Here, the power of a transposon-mediated random insertion of a non-coding DNA element was used to resolve its optimal chromosomal position.
The optimal chromosomal position(s) of a given DNA element was/were determined by transposon-mediated random insertion followed by fitness selection. In bacteria, the impact of the genetic context on the function of a genetic element can be difficult to assess. Several mechanisms, including topological effects, transcriptional interference from neighboring genes, and/or replication-associated gene dosage, may affect the function of a given genetic element. Here, we describe a method that permits the random integration of a DNA element into the chromosome of Escherichia coli and select the most favorable locations using a simple growth competition experiment. The method takes advantage of a well-described transposon-based system of random insertion, coupled with a selection of the fittest clone(s) by growth advantage, a procedure that is easily adjustable to experimental needs. The nature of the fittest clone(s) can be determined by whole-genome sequencing on a complex multi-clonal population or by easy gene walking for the rapid identification of selected clones. Here, the non-coding DNA region DARS2, which controls the initiation of chromosome replication in E. coli, was used as an example. The function of DARS2 is known to be affected by replication-associated gene dosage; the closer DARS2 gets to the origin of DNA replication, the more active it becomes. DARS2 was randomly inserted into the chromosome of a DARS2-deleted strain. The resultant clones containing individual insertions were pooled and competed against one another for hundreds of generations. Finally, the fittest clones were characterized and found to contain DARS2 inserted in close proximity to the original DARS2 location.

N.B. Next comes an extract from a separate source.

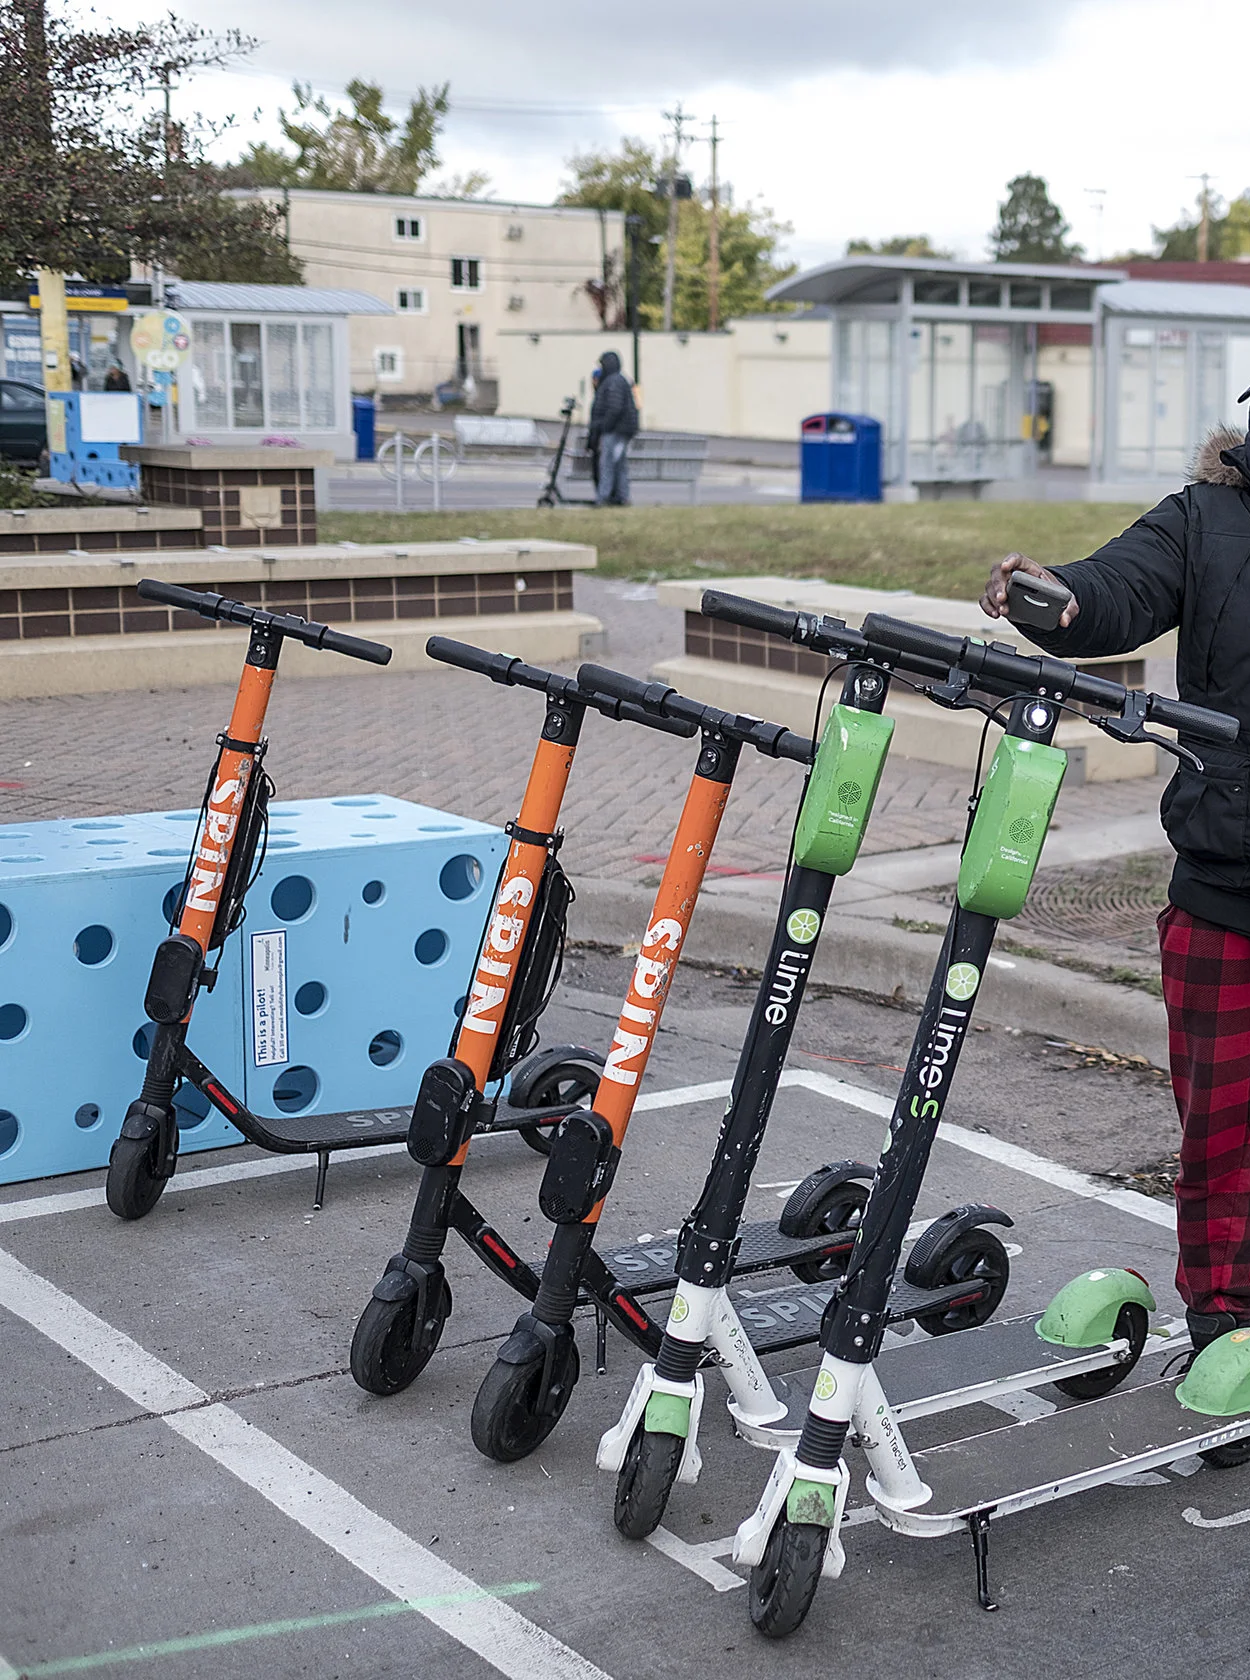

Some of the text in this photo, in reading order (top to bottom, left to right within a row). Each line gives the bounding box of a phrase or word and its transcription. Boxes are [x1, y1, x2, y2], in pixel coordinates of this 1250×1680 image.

The function of any genetic element can be affected by its location in the genome. In bacteria, this mainly results from interference by the transcription of neighboring genes, local DNA topology, and/or replication-associated gene dosage. In particular, the processes of DNA replication and segregation are controlled, at least in part, by non-coding chromosomal regions1, and the proper function of these regions depends on genomic location/context. In E.coli, examples are the dif site, required for sister chromosome resolution2; KOPS sequences, required for chromosome segregation3; and datA, DARS1, and DARS2 regions, required for proper chromosomal replication control (below; 4). We present a method allowing for the random relocation, selection, and determination of the optimal genetic context of any given genetic element, exemplified here by the study of the DARS2 non-coding region.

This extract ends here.